世界の活用
思い通り
支配欲というか、あなたが成功したと感じたり、うまくいったと感じることはすべては思った通りになったときだけだね。そんなときは幸せだと感じている。すなわち幸せの正体とは、あなたの予測通りに物事がスムーズに起きたときだ。しかしながらあなたが思考という予測で生み出したその結果は、本当に幸せだと言っていいのだろうか。本来は自然の一部であるあなたは、予測不可能であり不確実な偶有性に包まれて生きている。だからこそそれを凌駕してそれをも跳ね除けて予測不可能だと言われているところを、まるで神様のようにすべてを支配下に置くことができるような力を得た気になることを幸せと呼んでいるわけだ。

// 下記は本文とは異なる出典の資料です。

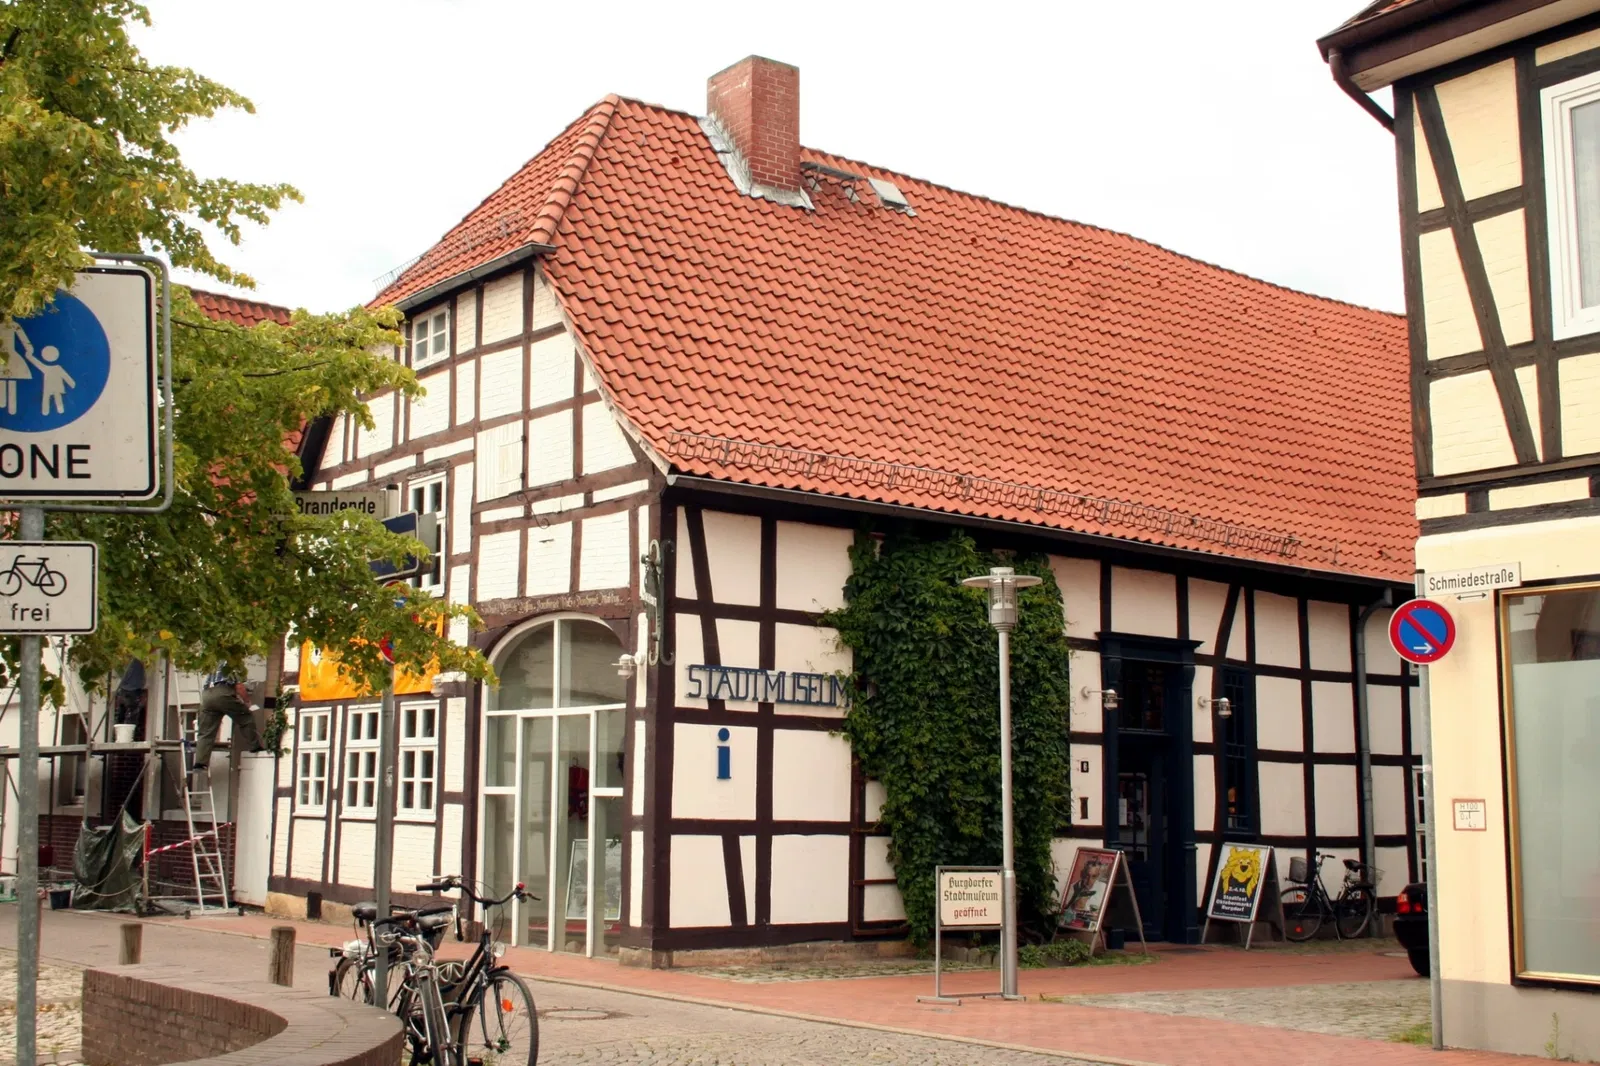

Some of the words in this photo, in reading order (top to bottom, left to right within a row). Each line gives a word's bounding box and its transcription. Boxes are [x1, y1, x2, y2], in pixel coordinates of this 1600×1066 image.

逆に言えば逆に、何が起こるかよくわからないその他大勢の人たちと同じように、思わぬことが起きて思ってたとおりにならなかったときに、あなたは陰鬱な気分になる。あれ、なんだかおかしいとそこで気がつくだろうか。
振り回される
そうやって、誰かの成功体験に追随しようとそればっかりを追い求めているわけだ。そしてそれが叶ったときに幸せだの成功者だの言う定義を無批判に信じてきたわけだ。そうやって幸せとはなにかという内省をせずに、そこらかしこに落ちている誰かの幸せを追い求めているわけだ。そしてそれが叶わないとき、やっぱり自分は不幸せだと再確認して、まだどこかに落ちている偽物の幸せを拾い集めようと必死にもがいてきたわけだ。幸せの本質は誰かのそれではなく、自らの生き様そのものにしかないものだね。でもそれ自体を気が付かないままで、いわば半分眠ったままで生きている。だからあなたはいつも不幸だと思いこんでいる。要するに幸せの本質を求めているつもりで、実はまがい物を信じ込んでいるから、あなたはいつも苦しみから逃れることがないし、たとえうまくそのとおりになったとしてもなんだか浮かない顔をしているわけだね。
創造すること
しかし、それが絶対悪と言うのも早計すぎるね。あなたがあなた自身を内省するとき、なにか材料があったほうがより深く観察し考察することでそのレベルはぐっと上がることも事実だ。だからとりあえずベンチマークの対象としての誰かの幸せの形を知ることは必要なわけだ。それを元にあなたならどうする、という問いに変換して、それらを磨いていくことでより高度化することができる。それをしないでそのまま真似することばかりでは、いつまでも既製品を無理やり着こなすことしか方法はなくなってしまうわけだね。結果、なんとかそれを達成したとしても、これじゃない感がいつも付きまとうのはそのせいだ。だからあなたが本当に幸せだと感じるときを過ごしたいと思うならば、これまでのモノマネから一歩先を探る必要がある。これも思考という方法だけに頼っていては、いつまでもそこから先は生まれない。実際に真似して体験した結果を、さらに深堀りする必要があるわけだね。結局のところすべてはあなたの幸せを構築するために、それらはそこにあるものだと気づくことになるだろう。